En janvier et février 1959, Cuba n’avait pris aucune
mesure radicale contre les intérêts des États-Unis.
Cependant, depuis sa plaidoirie L’Histoire m’acquittera,
Fidel avait promis une réforme agraire, telle que le
stipulait la Constitution de 1940 qui interdisait le
latifundium et annonçait une loi de redistribution de la
terre aux paysans. Cette Loi n’avait pas même été
examinée, même si le Regroupement catholique
universitaire en avait reconnu la nécessité. Par contre,
elle avait en sa faveur le vaste consensus de la
population cubaine.
Le gouvernement révolutionnaire promulgua la Loi, qui
incluait dans son texte – ce qui fut respecté à la
lettre – l’indemnisation des anciens propriétaires, y
compris des grands propriétaires terriens nord-américains.

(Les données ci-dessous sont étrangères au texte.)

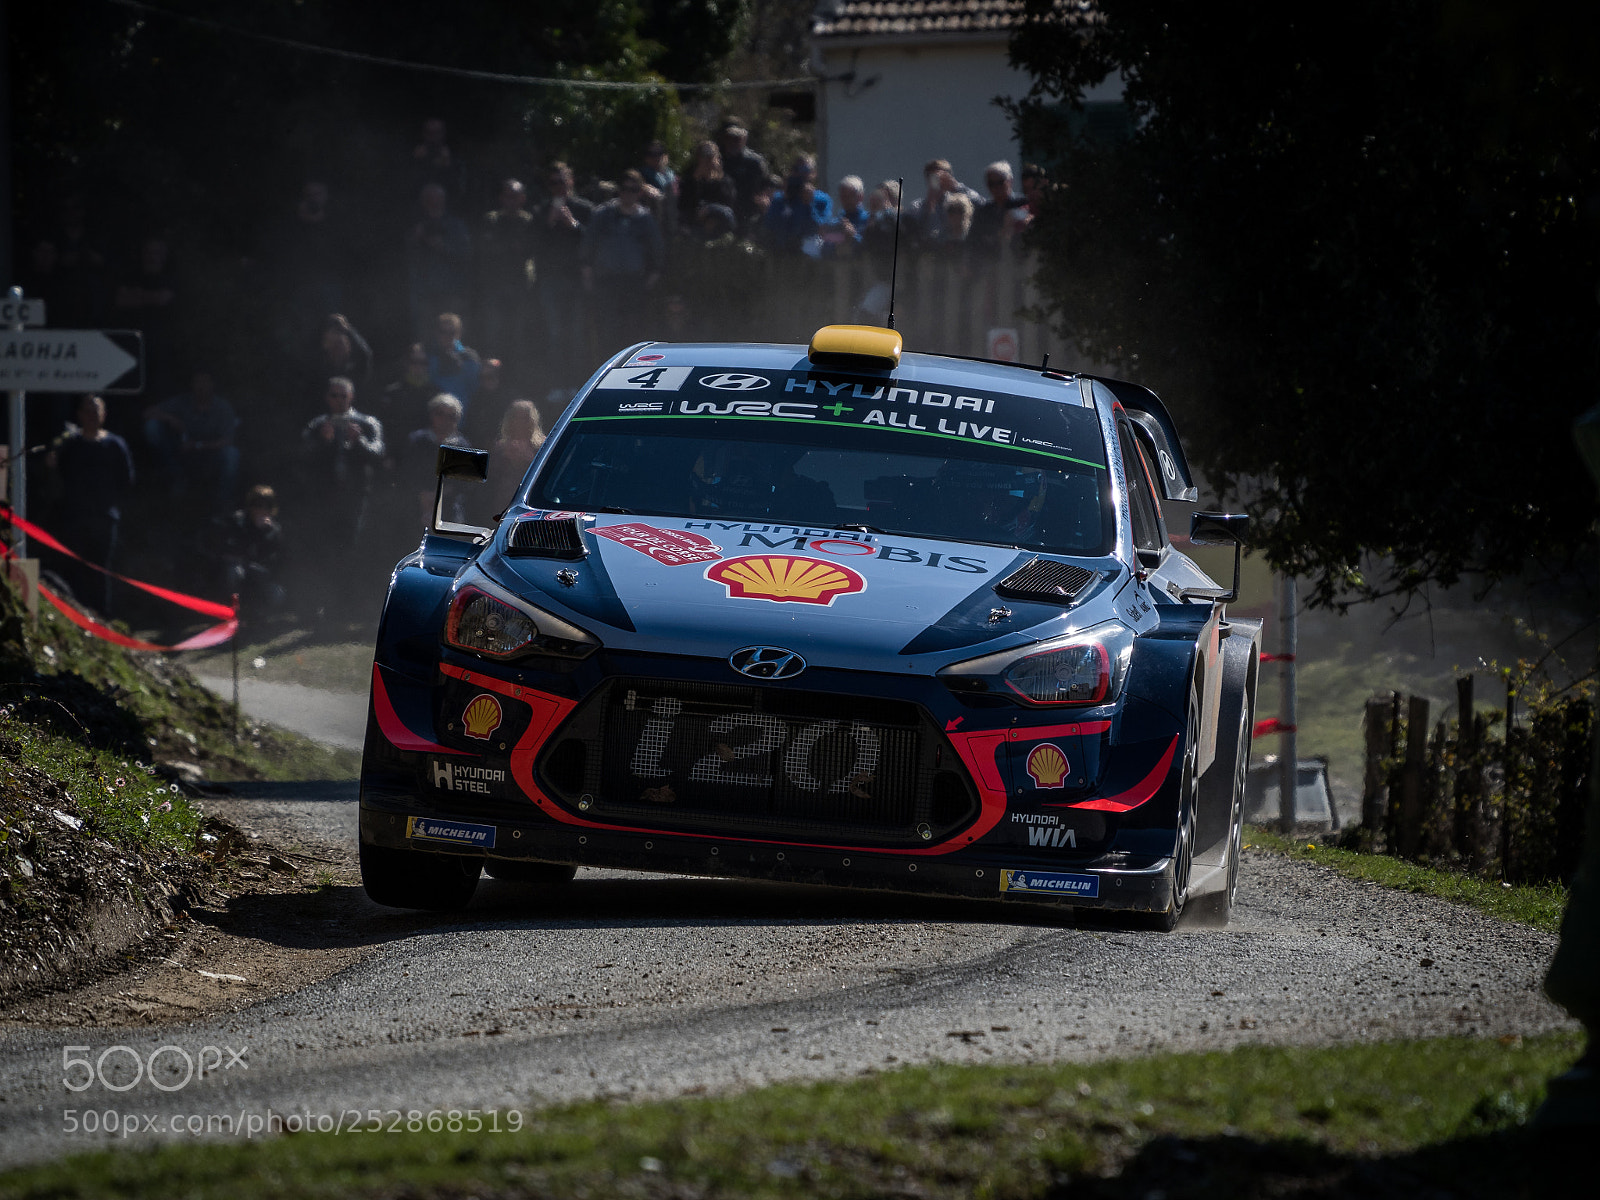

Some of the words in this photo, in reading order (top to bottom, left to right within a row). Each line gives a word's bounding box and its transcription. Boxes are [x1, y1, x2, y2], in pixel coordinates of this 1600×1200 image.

L’indemnisation de la valeur de leurs terres devait
leur être payée avec les bénéfices qui seraient tirés
des exportations de sucre aux États-Unis. Le 4 avril
1960, conformément à la Loi de Réforme agraire,
promulguée par Fidel Castro, le 17 mai 1959, démarra le
dossier d’expropriation du puissant monopole United
Fruit Sugar Co., qui possédait 109 700 hectares, ainsi
que des bâtiments, du bétail, des machines et autres
biens. La Loi suscita immédiatement la colère des
voisins du Nord.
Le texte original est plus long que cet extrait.